The Brown-Tougaloo Semester Exchange

Fostering Intellectual Exploration, Cultural Immersion, and Community Building

Kelly Watts, Nia Sampson, and Kristen Hobson

DOI

When the historic Partnership between Brown University and Tougaloo College began in 1964, a semester exchange was not included in the original charge. As shared by Harold Pfautz, the first director of the Brown-Tougaloo Partnership, it was at the urging of students and their interest to study, learn, and experience the respective host institution that a semester exchange was added to the mission. 1 Brown and Tougaloo, BAM, March 1981, Brown-Tougaloo Archives, John Hay Library. By the fall of 1965, these efforts evolved into the establishment of the Semester Exchange Program, designed to allow undergraduates from both institutions the opportunity to study for one semester at the partner campus.
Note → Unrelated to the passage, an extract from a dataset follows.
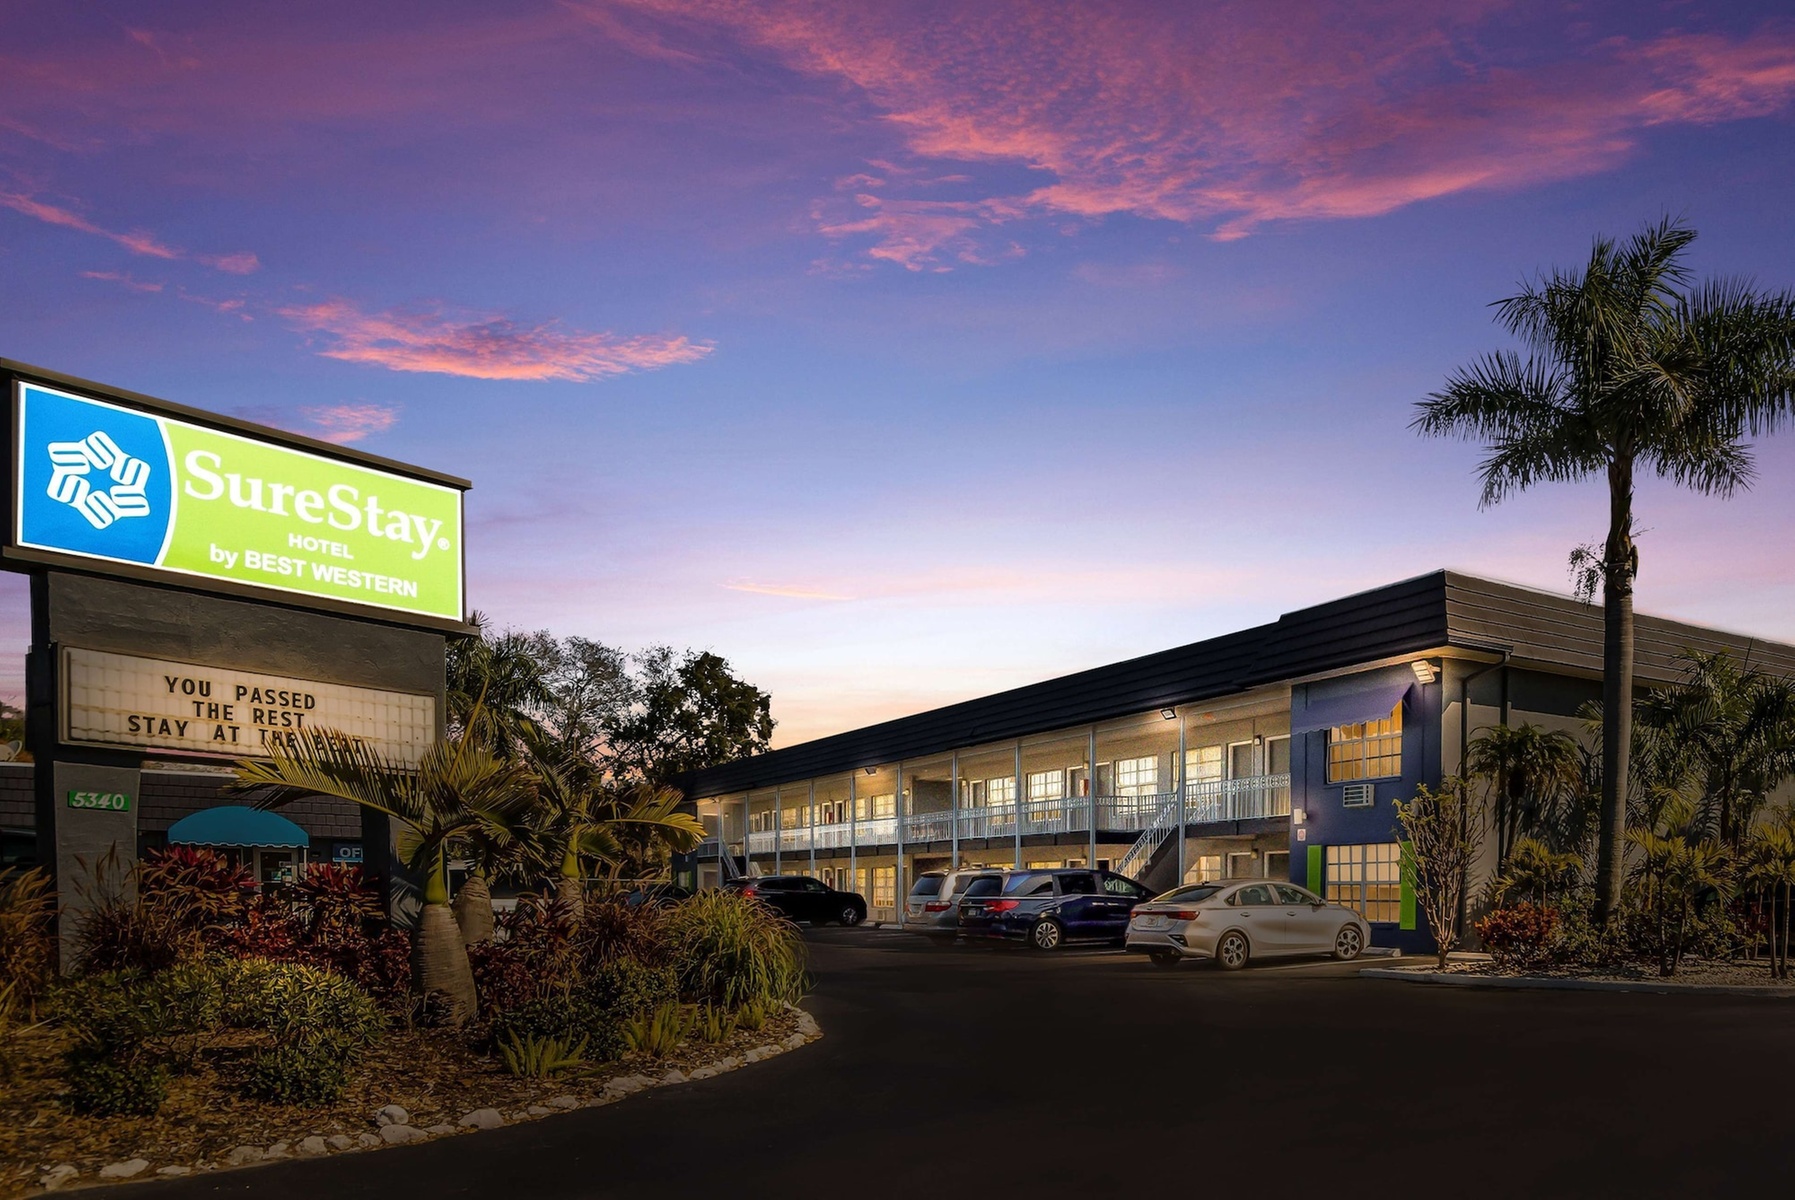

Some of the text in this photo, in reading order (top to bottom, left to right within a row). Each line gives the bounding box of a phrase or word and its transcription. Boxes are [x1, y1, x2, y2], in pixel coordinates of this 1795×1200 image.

Since its inception, nearly 350 students have participated in the exchange, gaining academic, cultural, and personal insights that have shaped their worldviews and career paths. The goals of the program are deeply rooted in intellectual exploration, cultural immersion, and community building. Whether at Brown or Tougaloo, students benefit from a change in environment that challenges assumptions, fosters new skills, and cultivates long-lasting relationships.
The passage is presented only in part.